Podophyllotoxin, 5-fluorouracil, inorganic acids (Solcoderm), silver nitrate and etc. are used for chemical coagulation of exophytic genital warts. Intraepithelial and intracondylomic administration of interferon, as well as creams and gels for topical use (5%- imiquimod, interferons, synthetic immune modulators) are applied for local immune therapy.

Treatment regimen:

  • Podophyllotoxin (А) (0.5% topical cream Condyline®, 0.15% topical cream Wartec®) is applied locally two times a day, three days successively with the following pause for four days; maximal period of applying is 5 weeks. It is contraindicated during pregnancy and breastfeeding.
  • Inorganic acids solution (Solcoderm®)(С) is a topical application (during each procedure there can be treated not more than 2-3 damaged areas with a total space of not more than 2-3 cm2; large affected areas are recommended for a stepwise treatment, with a 4-week interval). The therapy for this category of patients by means of Solcoderm is to be prescribed only in the cases, when its potential benefits for the mother outweigh the possible risk for the fetus or newborn.
  • Imiquimod (5% creams Aldara®, Kerawort®) (А) is applied locally for 6-8 hours three times a week till the complete disappearance of the damaged areas; maximal period of applying is 16 weeks. It is contraindicated during pregnancy.

For systemic immune therapy:

  • 500 000 to 1 million IU of α-Interferon (twice a day, for ten days, vaginally or per rectum (А)
  • Inosinum pranobexum, 500 mg per os three times a day for 20 days (А)
  • 500 000 IU of γ-Interferon subcutaneously once a day, every second day, 5 injections per treatment (А)
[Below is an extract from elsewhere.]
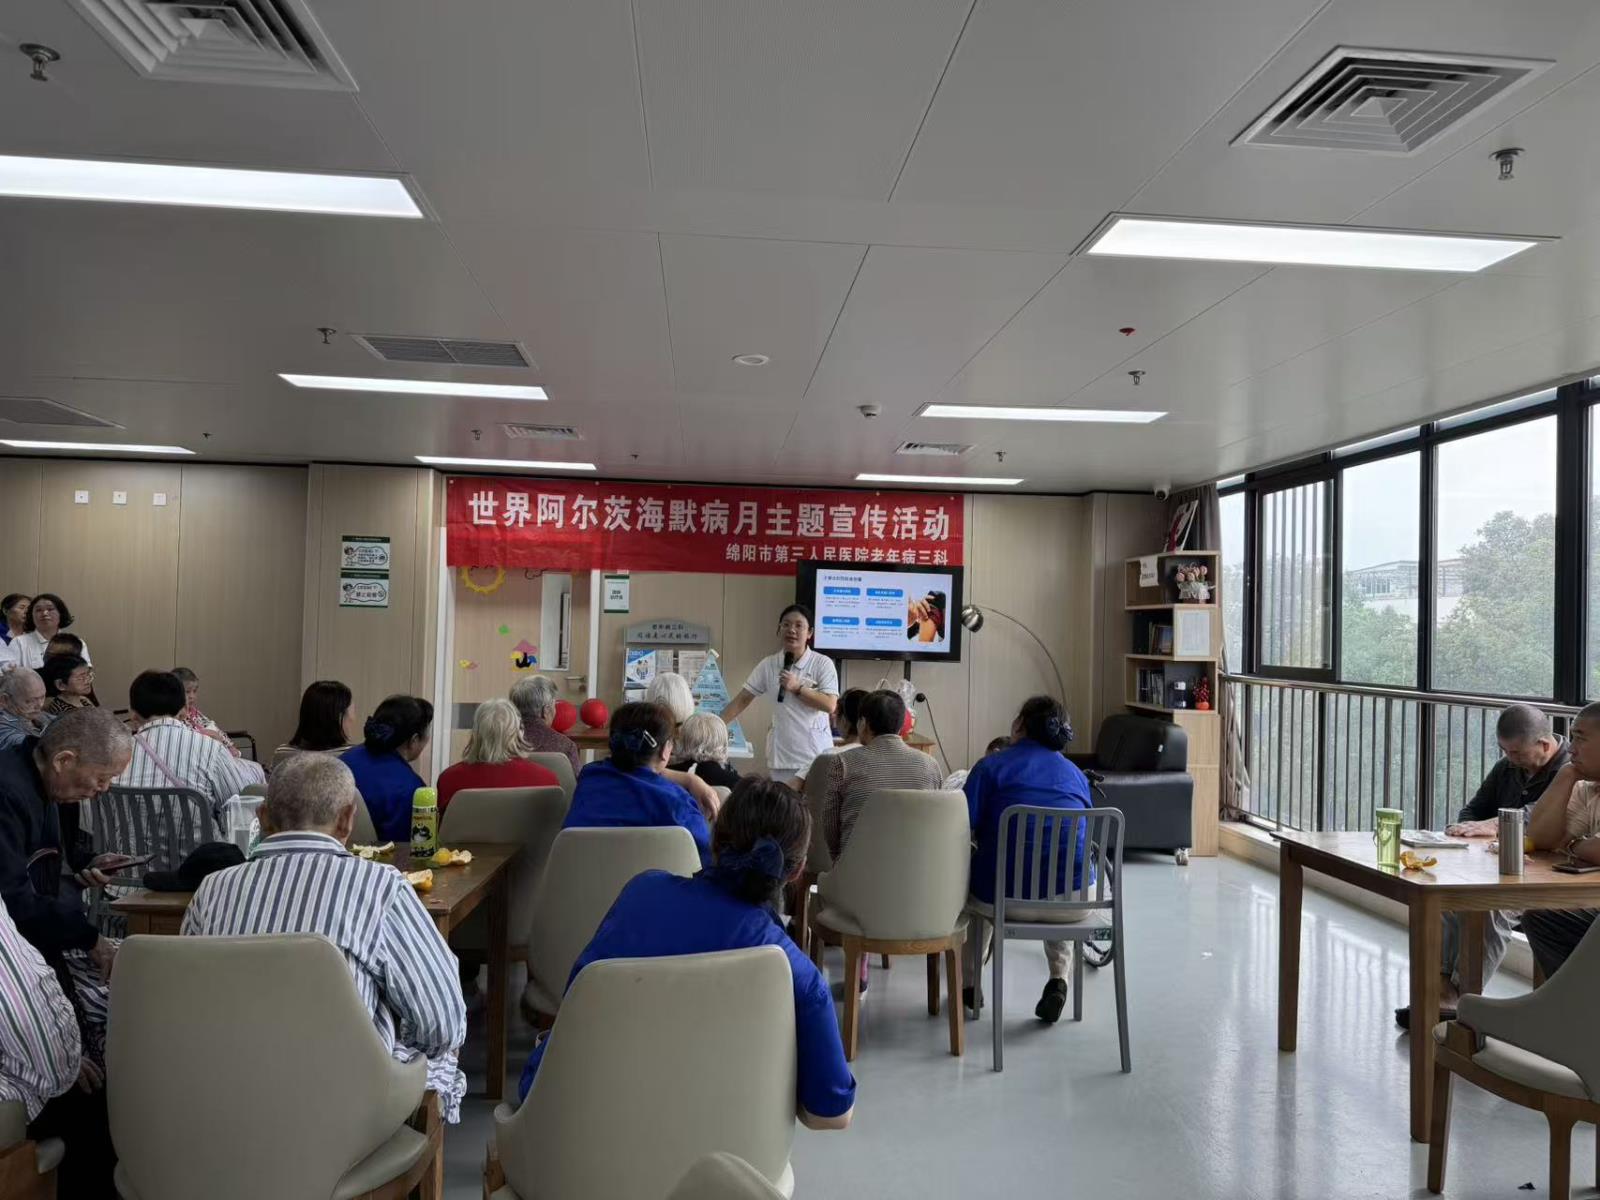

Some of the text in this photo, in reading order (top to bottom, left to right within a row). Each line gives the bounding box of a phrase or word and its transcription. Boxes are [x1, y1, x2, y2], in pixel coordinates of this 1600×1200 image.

[468, 491, 950, 541] 世界阿尔茨海默病月主题宣传活动
[725, 543, 949, 566] 绵阳市第三人民医院老年病三科
Treatment of genital warts in pregnant patients

Active proliferation of anogenital warts is possible during pregnancy. The therapy during pregnancy is performed till the 36th week of gestation with the use of such methods that do not have systemic effect: cryolysis, laser destruction or electrical coagulation with the participation of obstetricians and gynecologists. In large genital warts operative delivery is indicated (in order to prevent laryngeal condylomatosis in neonates). These methods may be complemented with an immune therapy (13-40 weeks): α-interferon units (Genferon ®, 500 000 or 1 million IU), twice a day, for ten days, vaginally or per rectum.
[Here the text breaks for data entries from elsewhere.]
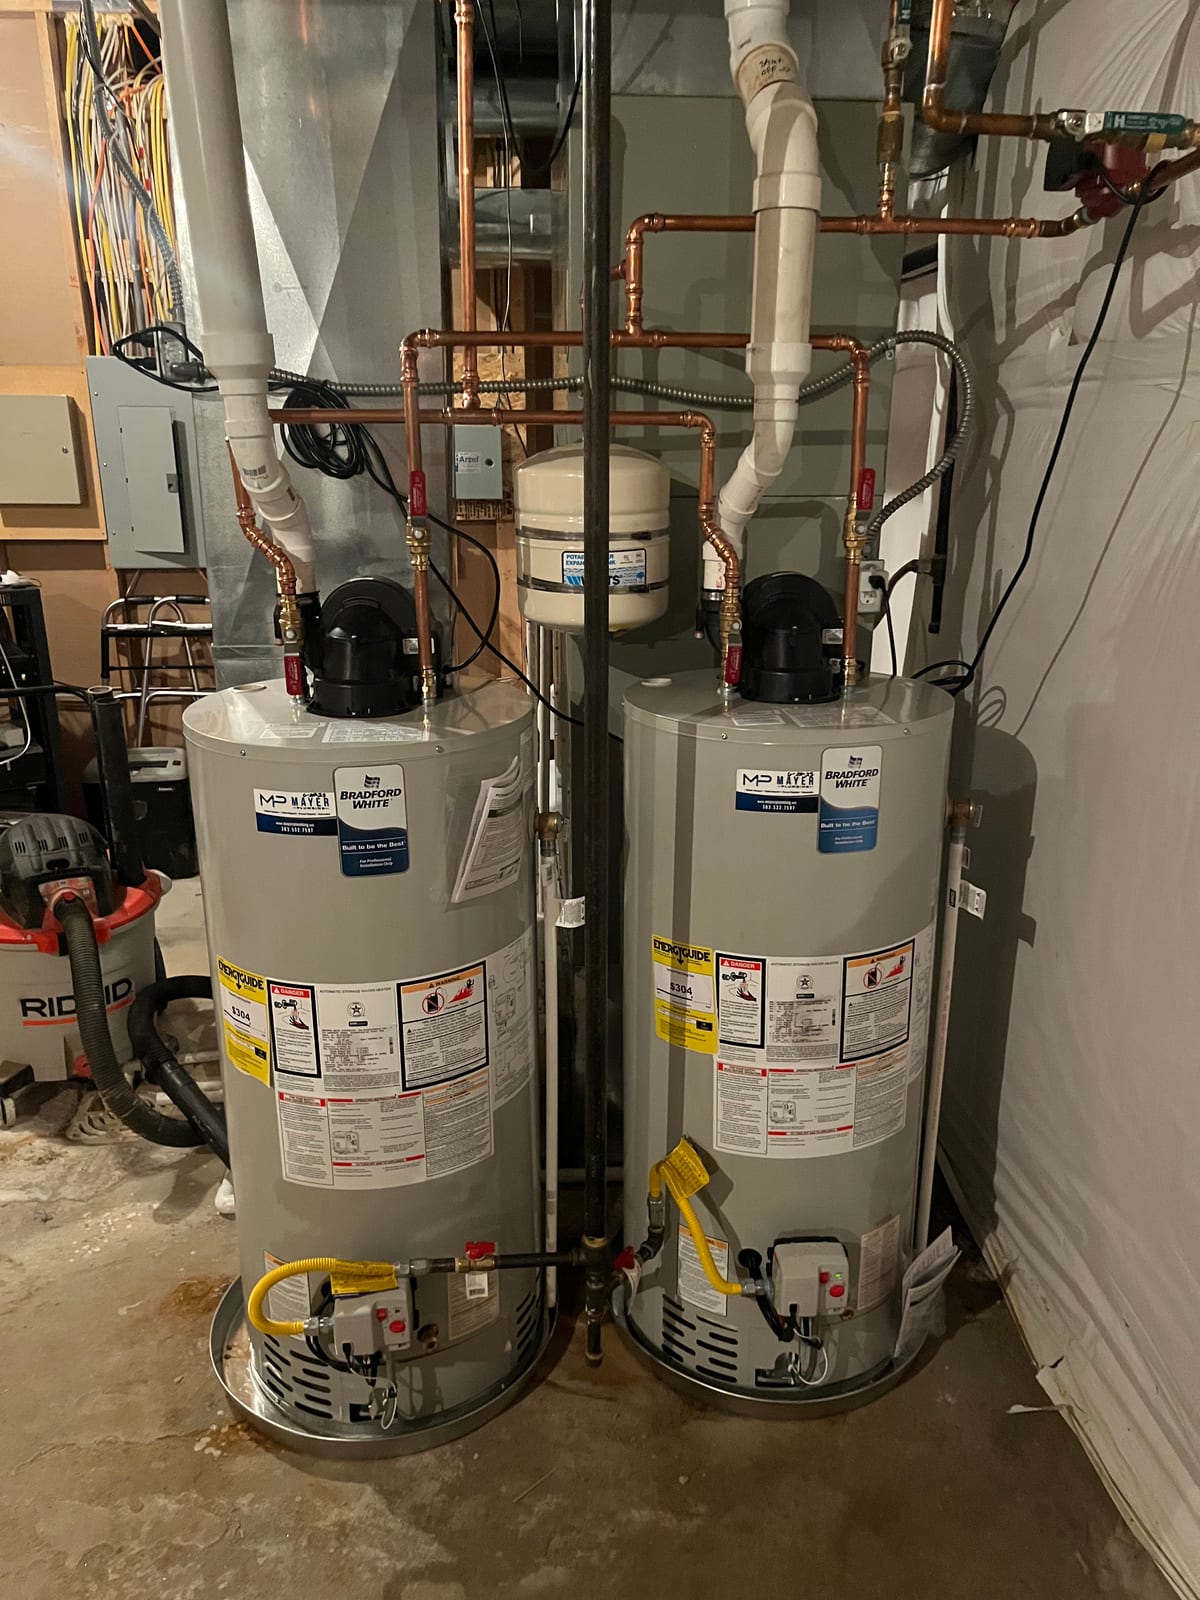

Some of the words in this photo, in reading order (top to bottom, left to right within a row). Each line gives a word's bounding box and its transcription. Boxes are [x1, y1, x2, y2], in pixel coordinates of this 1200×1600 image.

[743, 773, 772, 787] MP
[776, 775, 814, 786] MAYER
[825, 768, 879, 780] BRADFORD
[835, 778, 868, 788] WHITE
[340, 788, 402, 800] BRADFORD
[259, 793, 287, 808] MP
[291, 796, 330, 807] MAYER
[352, 799, 389, 810] WHITE
[730, 961, 756, 969] DANGER
[280, 987, 305, 997] DANGER
[670, 982, 693, 996] $304
[20, 978, 134, 1018] RIDID
[231, 1005, 251, 1022] $304
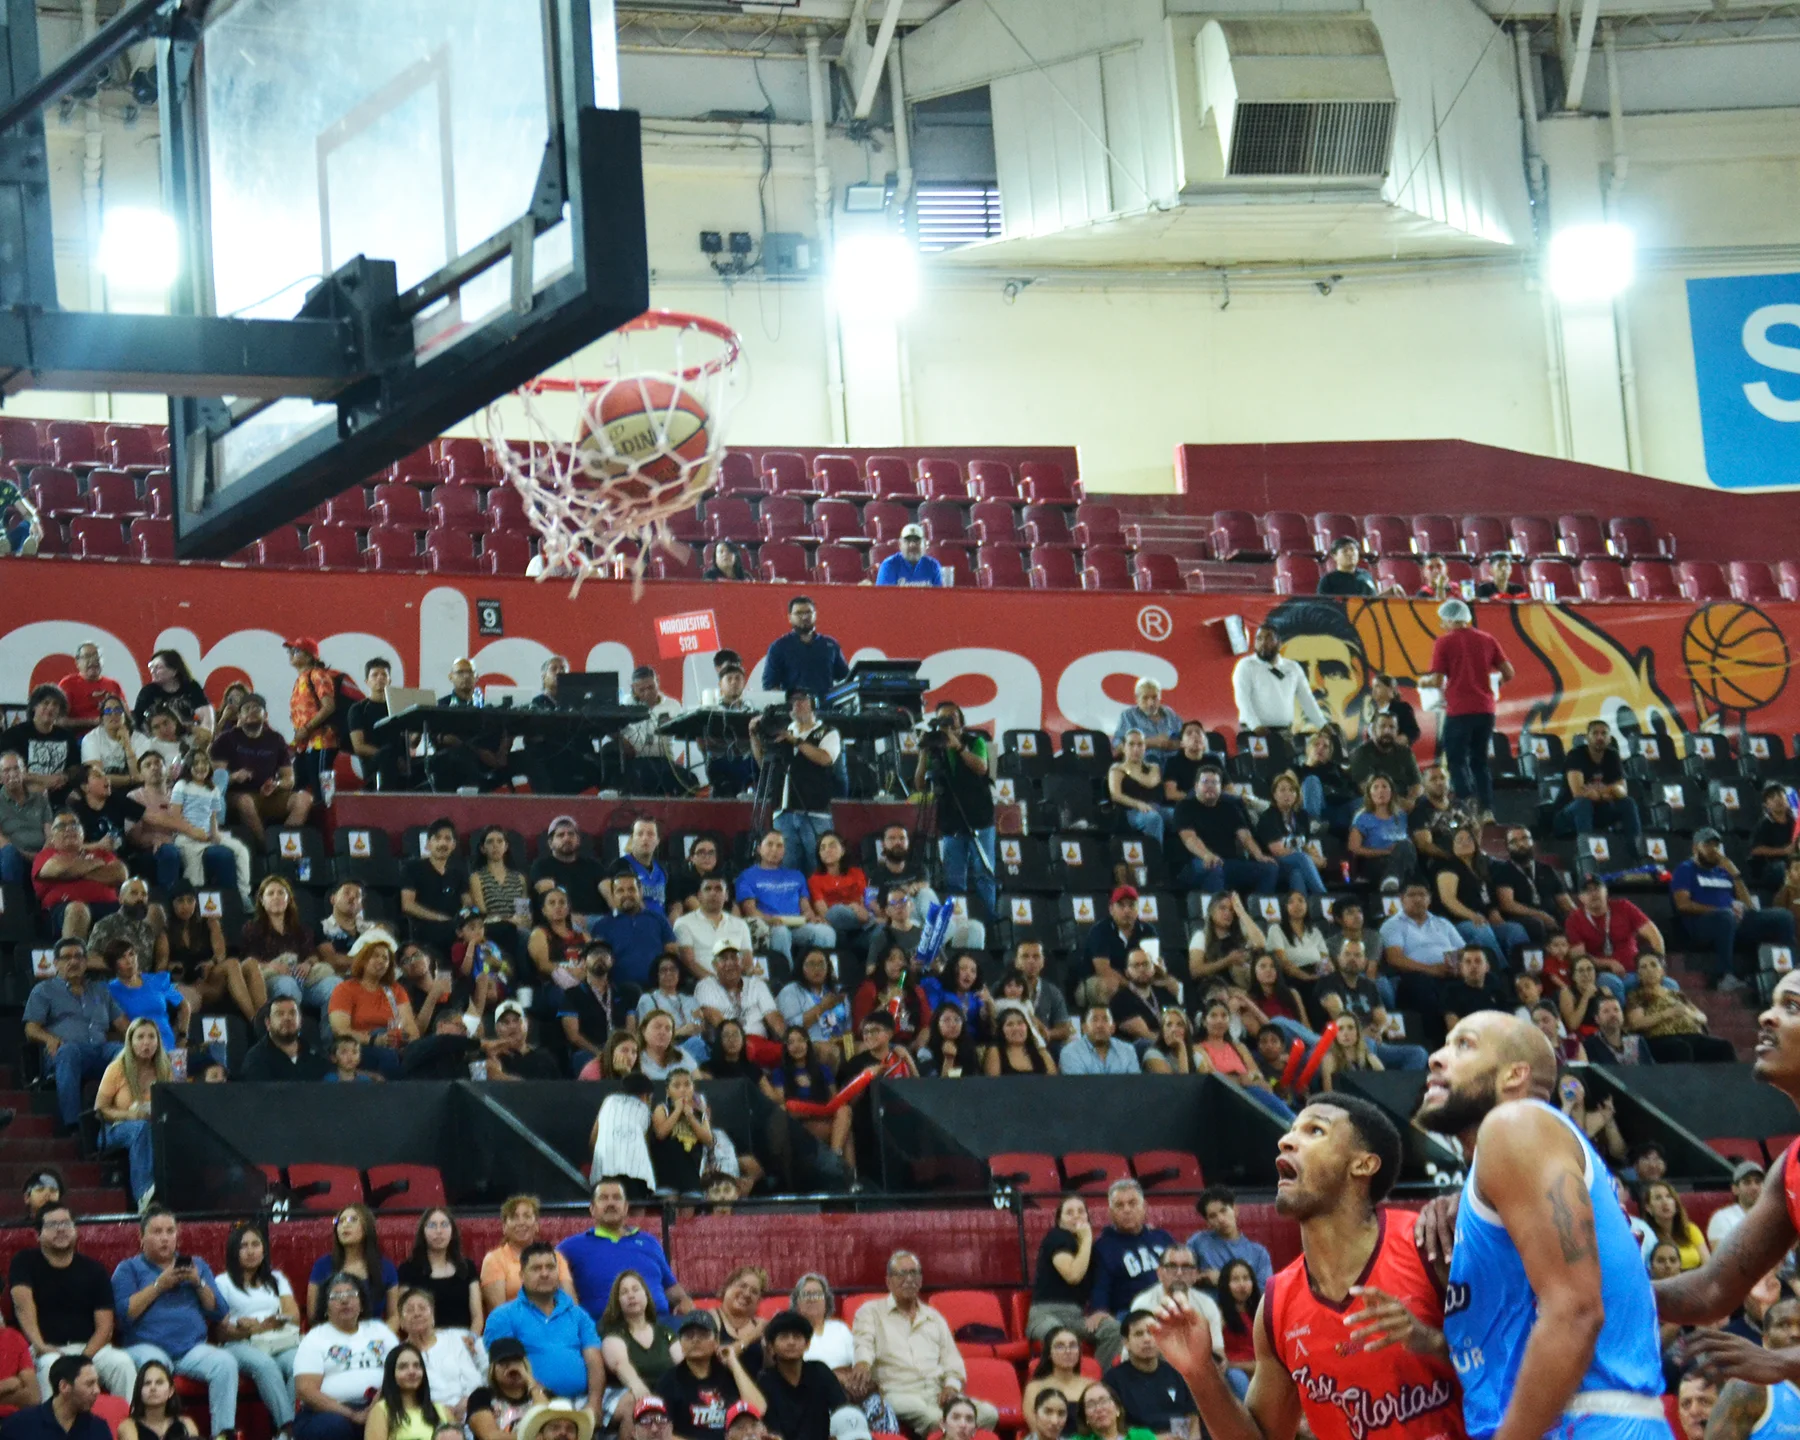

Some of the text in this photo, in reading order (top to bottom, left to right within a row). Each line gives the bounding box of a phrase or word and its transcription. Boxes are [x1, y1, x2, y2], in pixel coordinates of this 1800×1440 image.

[483, 608, 497, 628] 9
[659, 614, 711, 635] MARQUESITAS
[679, 634, 699, 653] $120
[1331, 1379, 1451, 1440] Glorias
  1. V. N. Prilepskaya et al. Sexually Transmitted Infections. Clinical Lectures. Moscow: GEOTAR-Media, 2014.
  2. Centers for Disease Control and Prevention, Sexually Transmitted Diseases Treatment Guidelines, 2015.
  3. Federal Clinical Guidelines. Dermatology 2015: Diseases of the Skin. Sexually Transmitted Infections. Moscow, 2016: 5th ed. M.: Business Express, 2016.
  4. Order of the Ministry of Health of the Russian Federation, dated 01.11.2012 No. 572n “The order of medical care on the profile of Obstetrics and Gynecology (except for the use of assisted reproductive technologies)”.
  5. Gasanova G. F., Apolikhina I. A. Modern approaches to the diagnosis of skin manifestations of human papilloma virus. Obstetrics and gynecology, No. 11/2015, pp. 11-15.
  6. Apolikhina I. A., Gasanova G. F., Gorbunova E. A. et al. Method of noninvasive diagnosis of genital warts in women. Patent of the Russian Federation for invention No. 2607956 dated 11.01.2017, application 2015150926, dated 27.11.2015, published 11.01.2017, Byul. No. 2.